Monthly Archives: February 2016

Matsoukas in Data Science tea, 2:30 Tues. March 1

Who: Spyros Matsoukas
What: tea, refreshments, presentations and conversations about topics in data science
Where: Computer Science Building Rooms 150
When: 2:30 Tuesday March 1


Abstract: We will introduce Amazon Echo and Alexa, the virtual personal assistant that powers Echo, and focus on the challenges our team is facing when developing machine learning solutions for wake word detection, automatic speech recognition, natural language understanding, question answering, dialog management, and speech synthesis.

Bio: Spyros Matsoukas is a Principal Scientist at Amazon.com, developing spoken language understanding technology for voice-enabled products such as Amazon Echo. From 1998 to 2013 he worked at BBN Technologies, Cambridge MA, conducting research in acoustic modeling for ASR, speaker diarization, statistical machine translation, speaker identification, and language identification. 

Woodbury in Linguistics, 3:30 Friday Feb. 26th

Tony Woodbury of the Linguistics Department at the University of Texas,
Austin will give a talk at 3:30 PM Friday 26 February 2016 in ILC N400. The title of his talk is:

The ‘genius’ of the language: discovering pervasive plan and unique
design in linguistic description

A video of the lecture is available here: https://lsa2015.uchicago.edu/events/hale-lecture-anthony-woodbury-reception

West in Data Science 1 p.m. Thurs. Feb. 18

Thursday, February 18, 2016
1:00 – 2:00p.m.
Computer Science Building, Room 151
Faculty Host:  Brendan O’Connor
Human Behavior in Networks
Abstract:  Humans as well as information are organized in networks. Interacting with these networks is part of our daily lives: we talk to friends in our social network; we find information by navigating the Web; and we form opinions by listening to others and to the media. Thus, understanding, predicting, and enhancing human behavior in networks poses important research problems for computer and data science with practical applications of high impact.

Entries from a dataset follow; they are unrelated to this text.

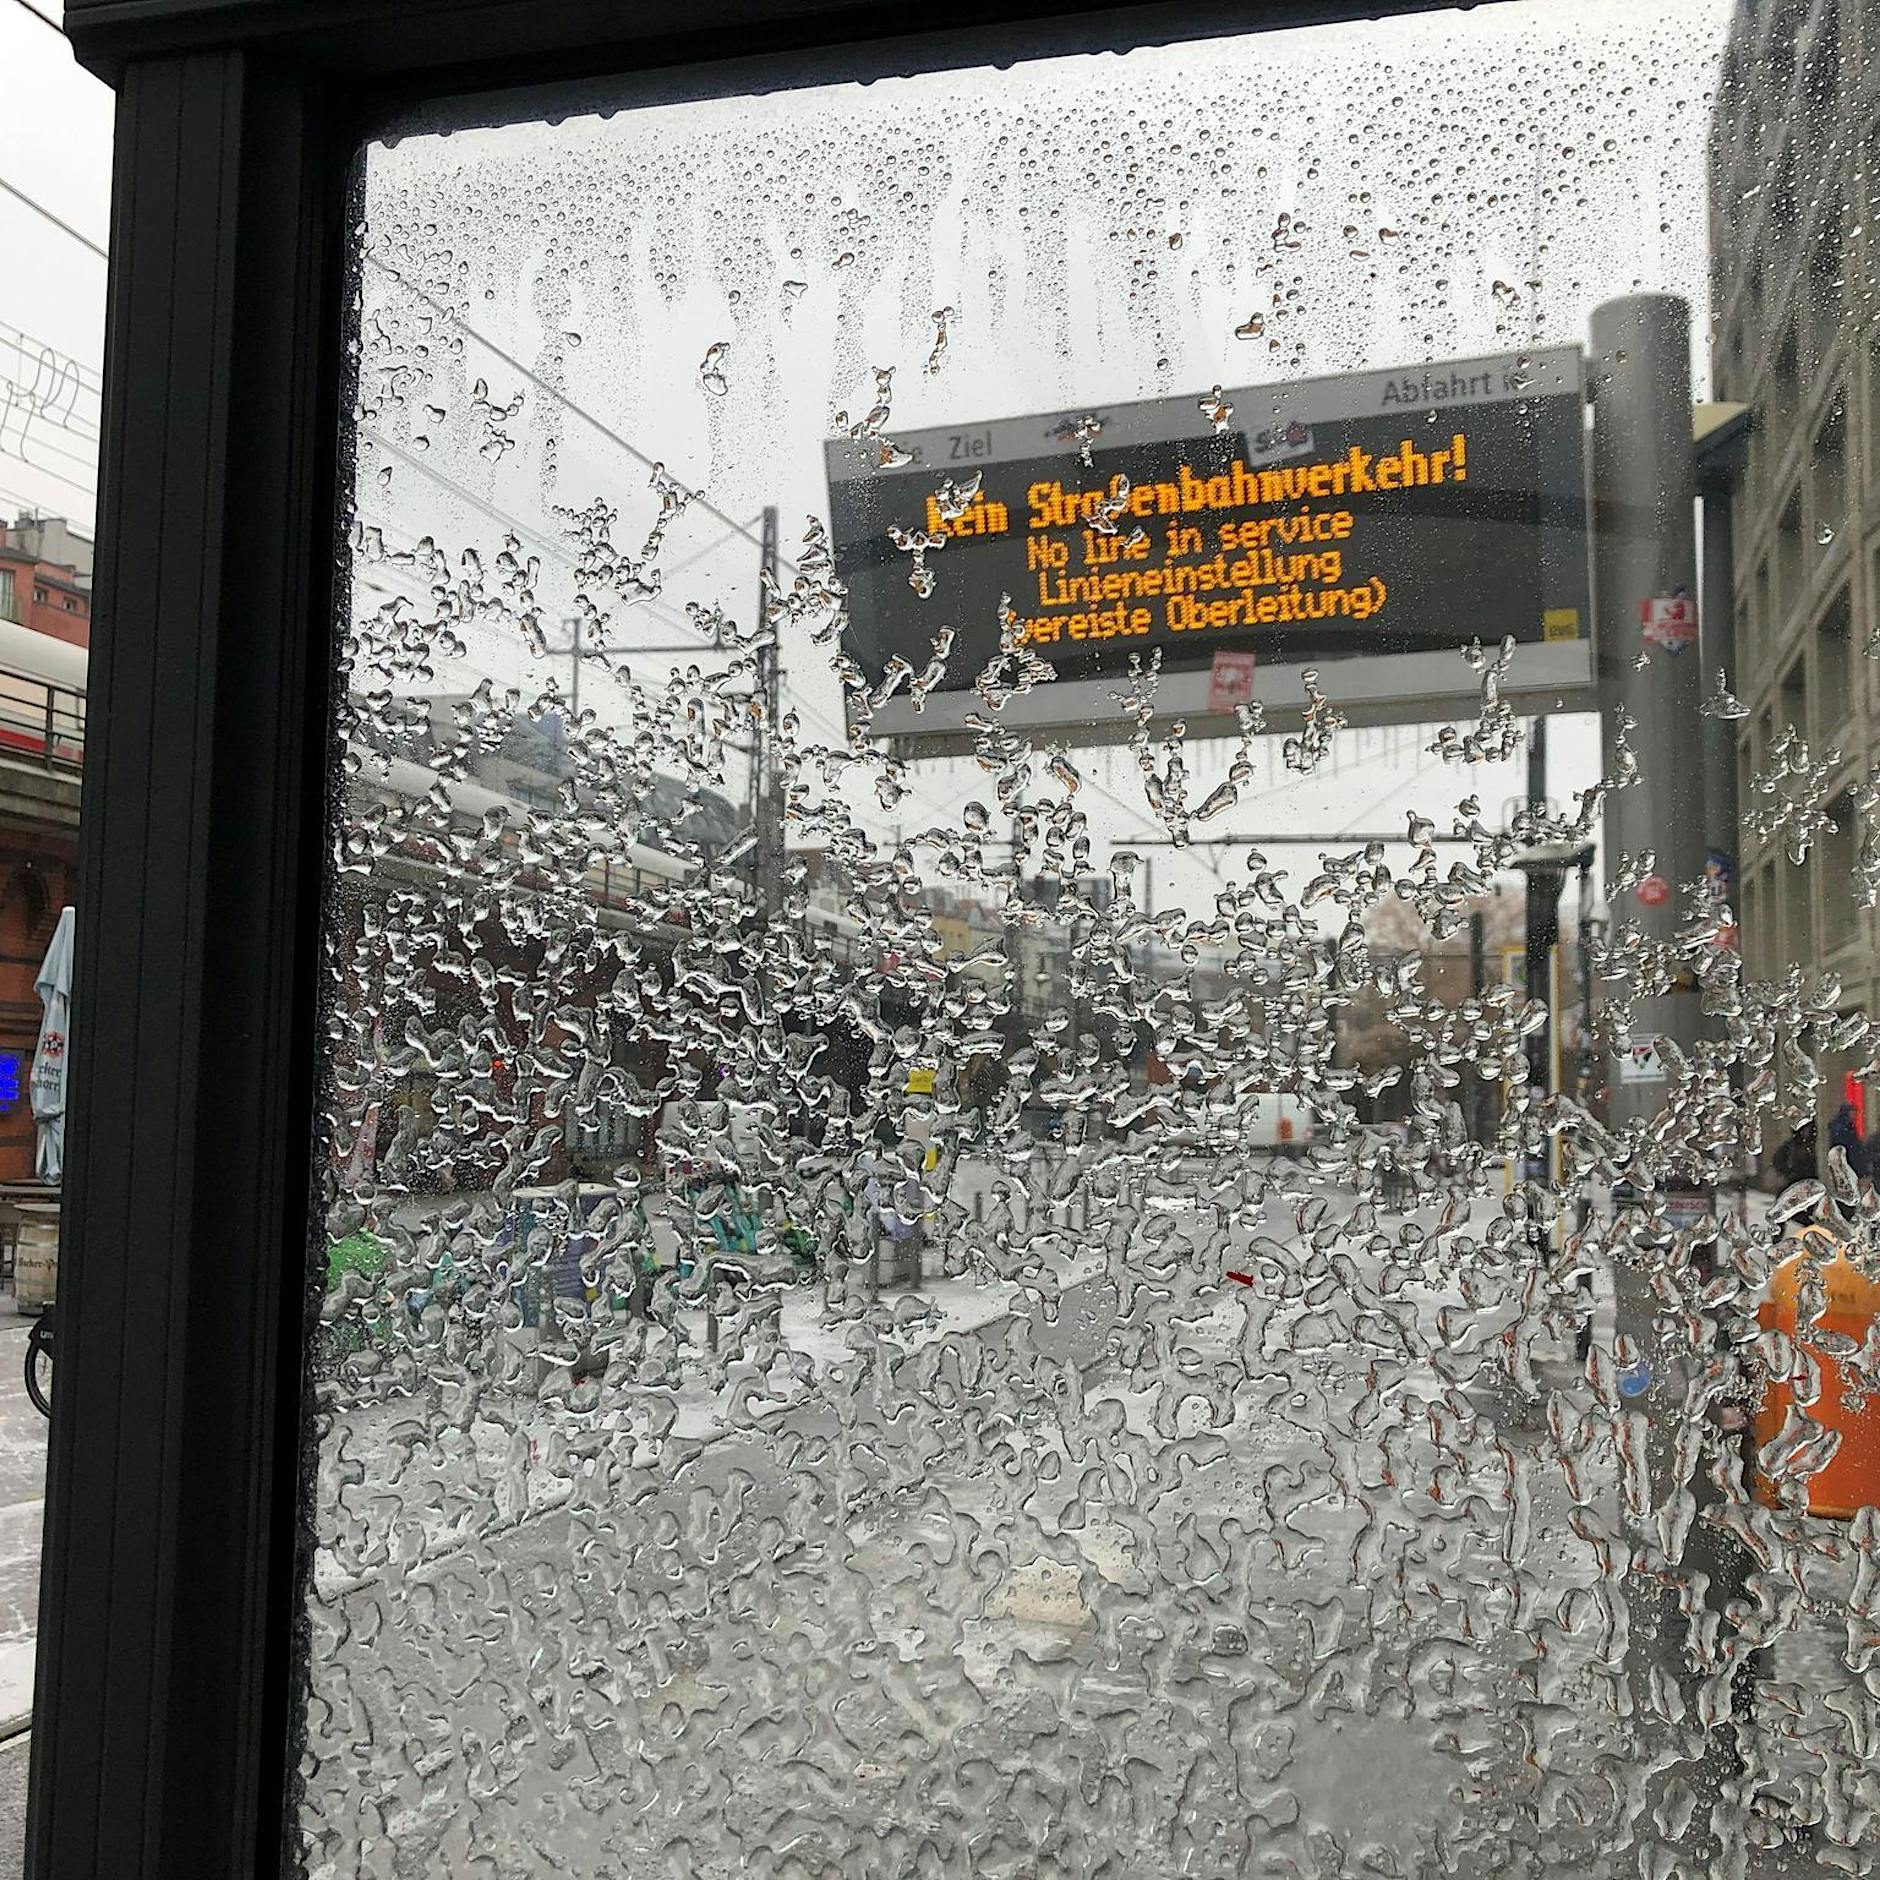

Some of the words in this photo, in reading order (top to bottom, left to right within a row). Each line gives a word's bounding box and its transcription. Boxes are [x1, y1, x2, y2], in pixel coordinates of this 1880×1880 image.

[1381, 372, 1492, 407] Abfahrt
[949, 430, 992, 460] Ziel
[1026, 533, 1069, 570] No
[1081, 528, 1151, 565] line
[1164, 516, 1202, 557] in
[1218, 505, 1354, 551] service
[1038, 548, 1343, 607] Linieneinstellung

Navigation constitutes one fundamental human behavior: in order to make use of the information and resources around us, we constantly explore, disentangle, and navigate networks such as the Web. Studying navigation patterns lets us understand better how humans reason about complex networks and lets us build more human-friendly information systems. As an example, I will present an algorithm for improving website hyperlink structure by mining raw web server logs. The resulting system is being deployed on Wikipedia’s full server logs at terabyte scale, producing links that are clicked 10 times as frequently as the average link added by Wikipedia editors.

Communication and coordination through natural language is another prominent human network behavior. Studying the interplay of network structure and language has the potential to benefit both sociolinguistics and natural language processing. Intriguing opportunities and challenges have arisen recently with the advent of online social media, which produce large amounts of both network and natural-language data. As an example, I will discuss my work on person-to-person sentiment analysis in networks, which combines the sociological theory of structural balance with techniques from natural language processing, resulting in a sentiment prediction model that clearly outperforms both text-only and network-only versions.

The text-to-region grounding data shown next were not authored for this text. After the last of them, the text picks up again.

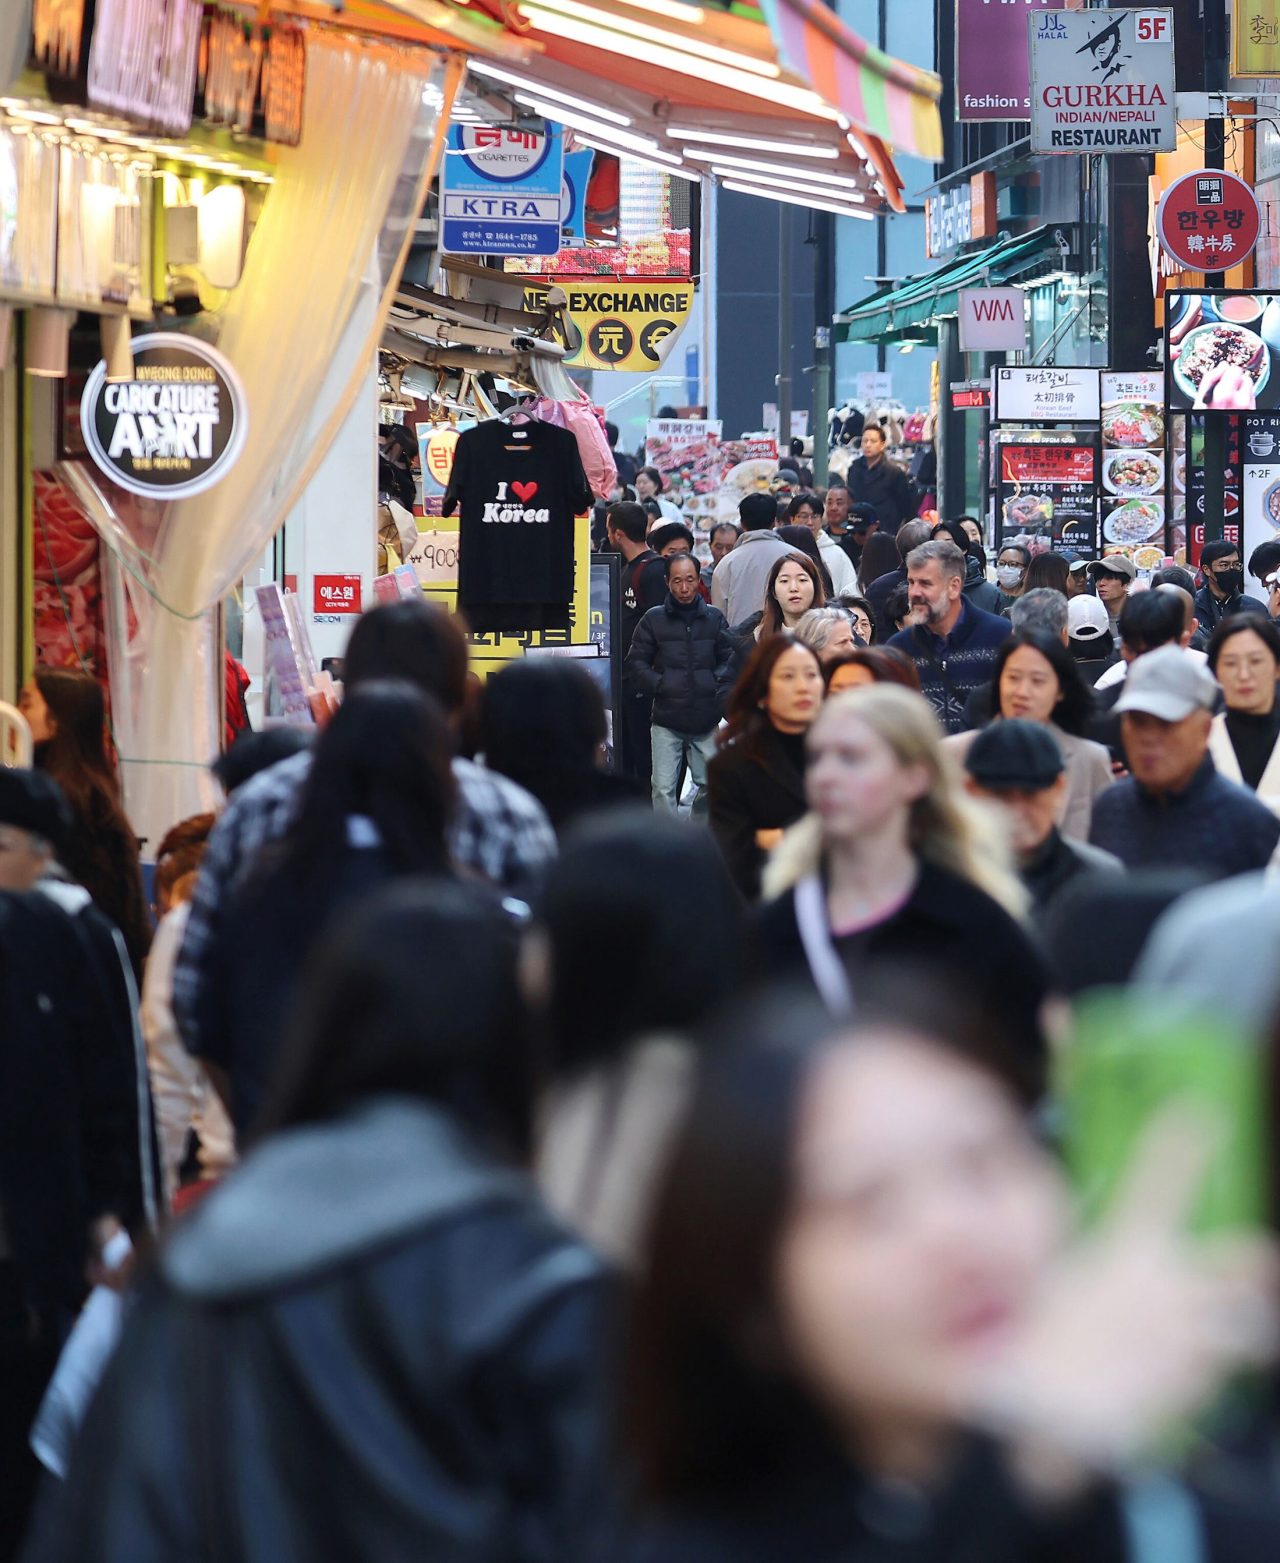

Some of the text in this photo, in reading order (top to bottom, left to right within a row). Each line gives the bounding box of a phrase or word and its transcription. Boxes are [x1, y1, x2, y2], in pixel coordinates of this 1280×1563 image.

[1039, 14, 1067, 31] حلال
[1138, 17, 1167, 40] 5F
[1038, 32, 1068, 40] HALAL
[965, 94, 1031, 108] fashion s
[1042, 83, 1167, 108] GURKHA
[1055, 110, 1155, 124] INDIAN/NEPALI
[1051, 128, 1162, 146] RESTAURANT
[476, 152, 530, 163] CIGARETTES
[462, 198, 541, 217] KTRA
[1177, 209, 1245, 230] 한우방
[1187, 234, 1236, 253] 韓牛房
[1205, 255, 1219, 266] 3F
[569, 293, 688, 312] EXCHANGE
[972, 299, 1014, 321] WM
[136, 367, 215, 382] MYEONG DONG
[1002, 371, 1010, 379] 6
[105, 385, 219, 414] CARICATURE
[1258, 469, 1271, 478] 2F
[495, 482, 507, 500] I
[482, 503, 550, 523] Korea
[320, 586, 354, 600] 에스원
[313, 615, 341, 623] SECOM

I will conclude the talk by sketching interesting future directions for computational approaches to studying human behavior in networks.

Bio:  Robert West is a sixth-year Ph.D. candidate in Computer Science in the Infolab at Stanford University, advised by Jure Leskovec. His research aims to understand, predict, and enhance human behavior in social and information networks by developing techniques in data science, data mining, network analysis, machine learning, and natural language processing. Previously, he obtained a Master’s degree from McGill University in 2010 and a Diplom degree from Technische Universität München in 2007.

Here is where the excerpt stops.